*** Opening of EXERCISE DATA ***
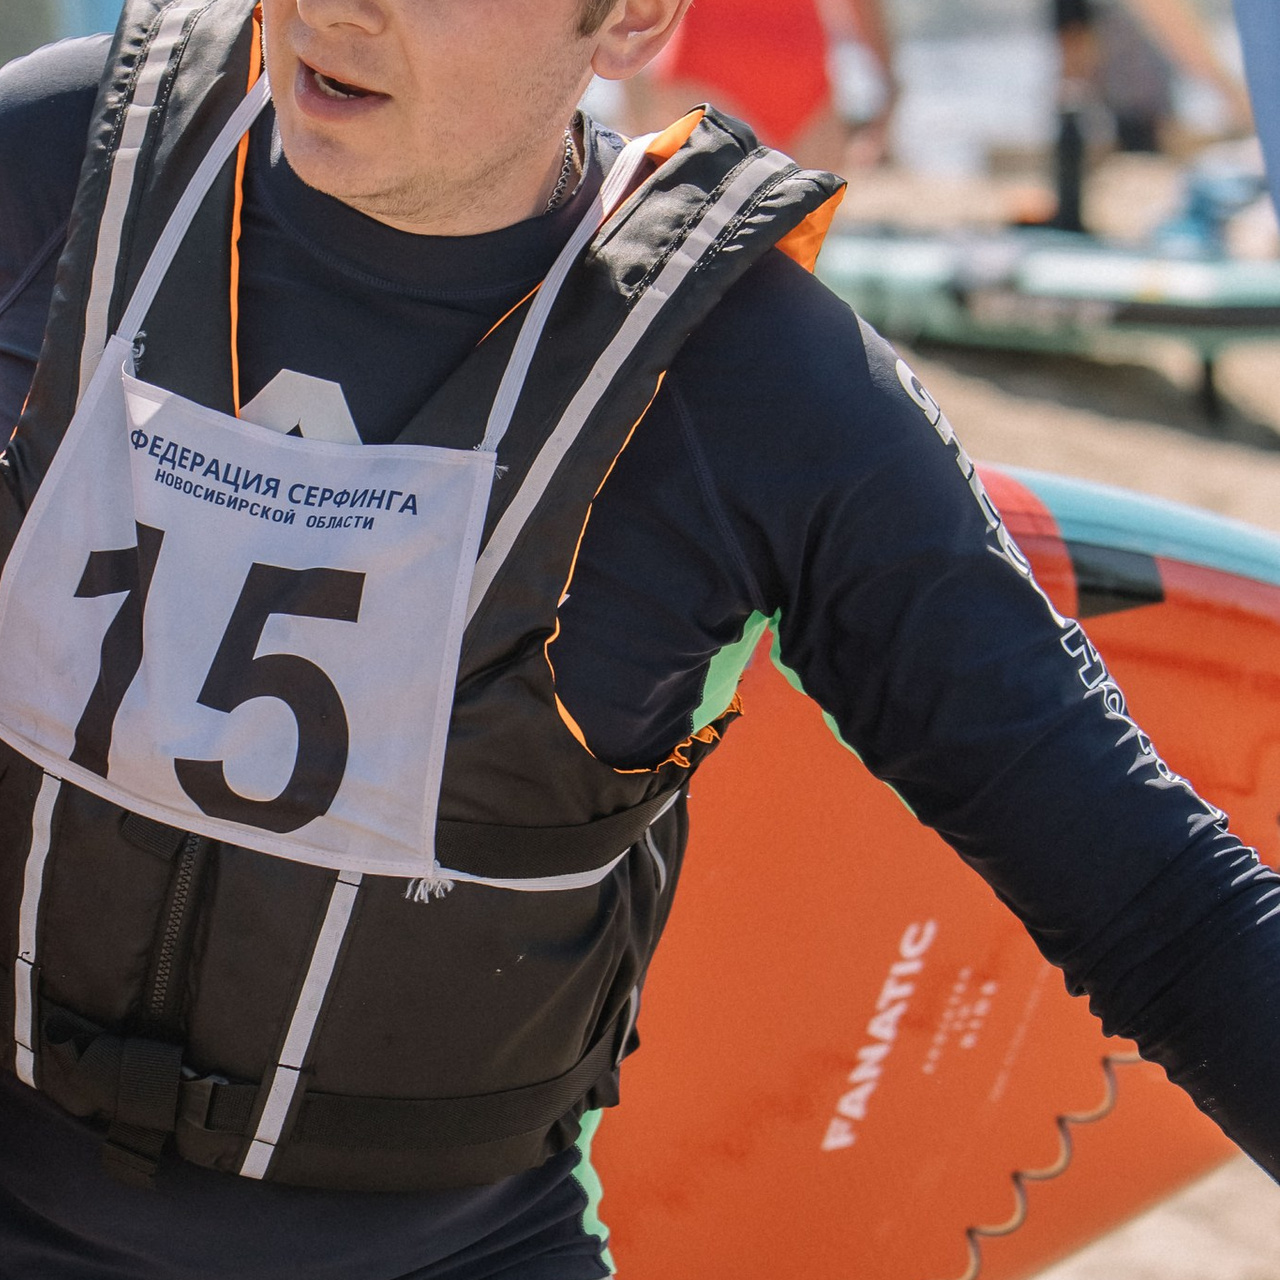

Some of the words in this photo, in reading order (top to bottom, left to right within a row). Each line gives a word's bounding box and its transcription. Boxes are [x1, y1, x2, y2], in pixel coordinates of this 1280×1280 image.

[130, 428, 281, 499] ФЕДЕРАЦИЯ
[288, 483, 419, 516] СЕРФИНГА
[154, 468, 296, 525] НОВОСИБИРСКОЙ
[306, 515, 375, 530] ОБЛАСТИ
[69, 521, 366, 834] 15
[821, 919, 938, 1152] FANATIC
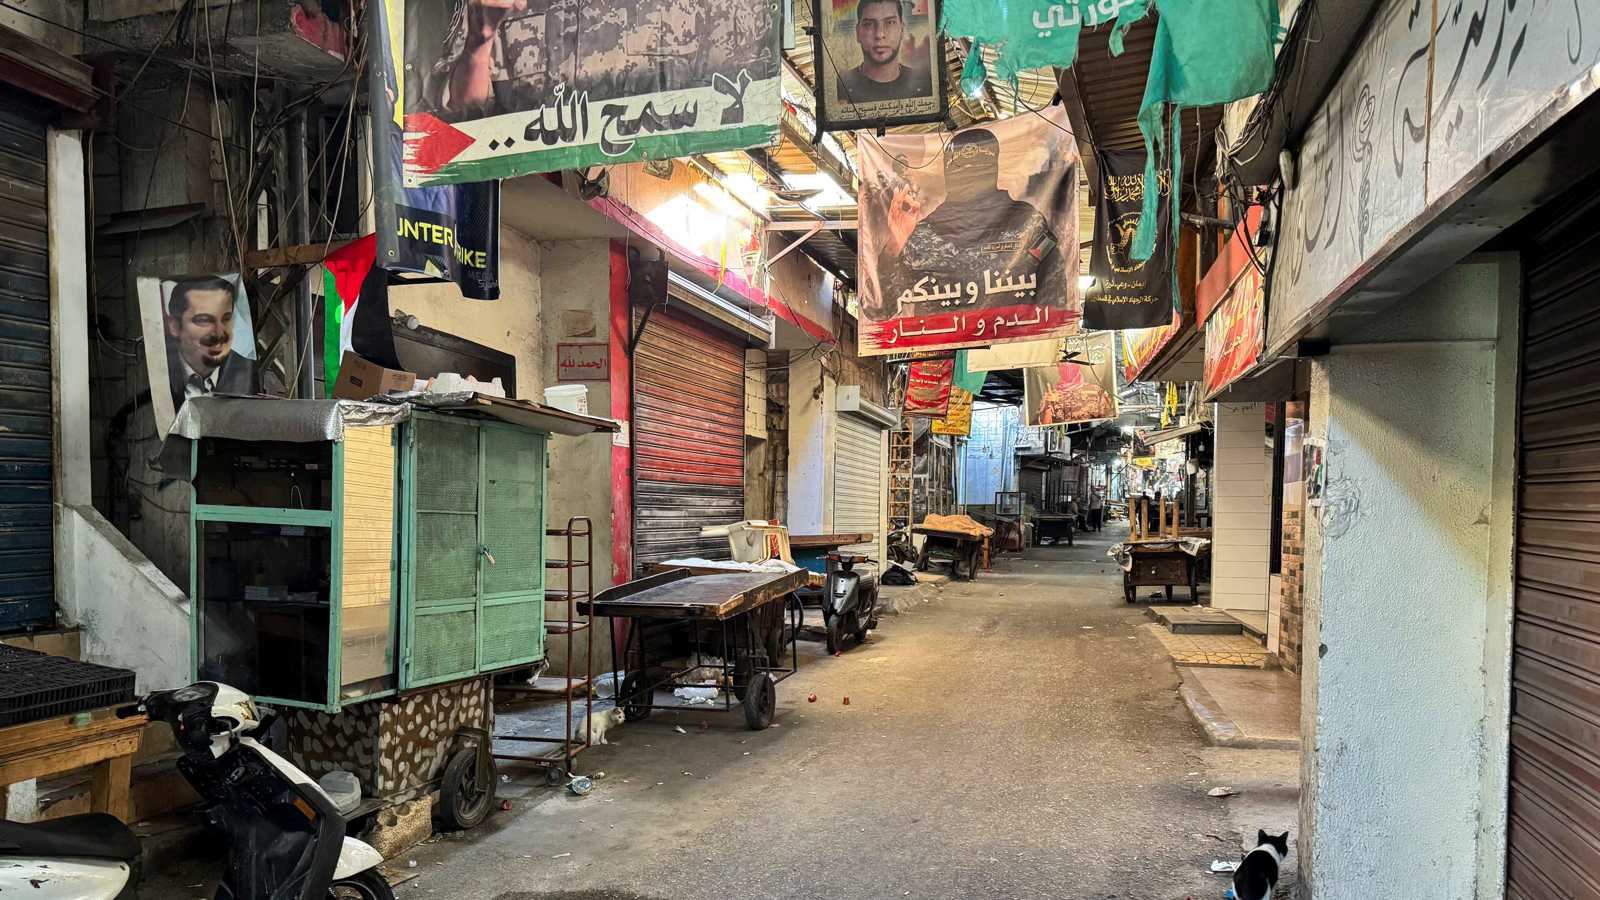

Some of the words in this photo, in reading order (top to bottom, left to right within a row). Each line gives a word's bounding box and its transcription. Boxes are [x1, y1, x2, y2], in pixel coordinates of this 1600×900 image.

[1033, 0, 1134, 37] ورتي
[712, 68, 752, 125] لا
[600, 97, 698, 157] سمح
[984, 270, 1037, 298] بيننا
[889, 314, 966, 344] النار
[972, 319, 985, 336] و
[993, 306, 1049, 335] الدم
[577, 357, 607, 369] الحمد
*** Close of EXERCISE DATA ***
• WHAT IS REQUIRED: Excluding the pictures, output every entry above without alteration.

• ANSWER TO THE PROBLEM:
Some of the words in this photo, in reading order (top to bottom, left to right within a row). Each line gives a word's bounding box and its transcription. Boxes are [x1, y1, x2, y2], in pixel coordinates of this 1280×1280 image.

[130, 428, 281, 499] ФЕДЕРАЦИЯ
[288, 483, 419, 516] СЕРФИНГА
[154, 468, 296, 525] НОВОСИБИРСКОЙ
[306, 515, 375, 530] ОБЛАСТИ
[69, 521, 366, 834] 15
[821, 919, 938, 1152] FANATIC

Some of the words in this photo, in reading order (top to bottom, left to right within a row). Each line gives a word's bounding box and its transcription. Boxes are [x1, y1, x2, y2], in pixel coordinates of this 1600×900 image.

[1033, 0, 1134, 37] ورتي
[712, 68, 752, 125] لا
[600, 97, 698, 157] سمح
[984, 270, 1037, 298] بيننا
[889, 314, 966, 344] النار
[972, 319, 985, 336] و
[993, 306, 1049, 335] الدم
[577, 357, 607, 369] الحمد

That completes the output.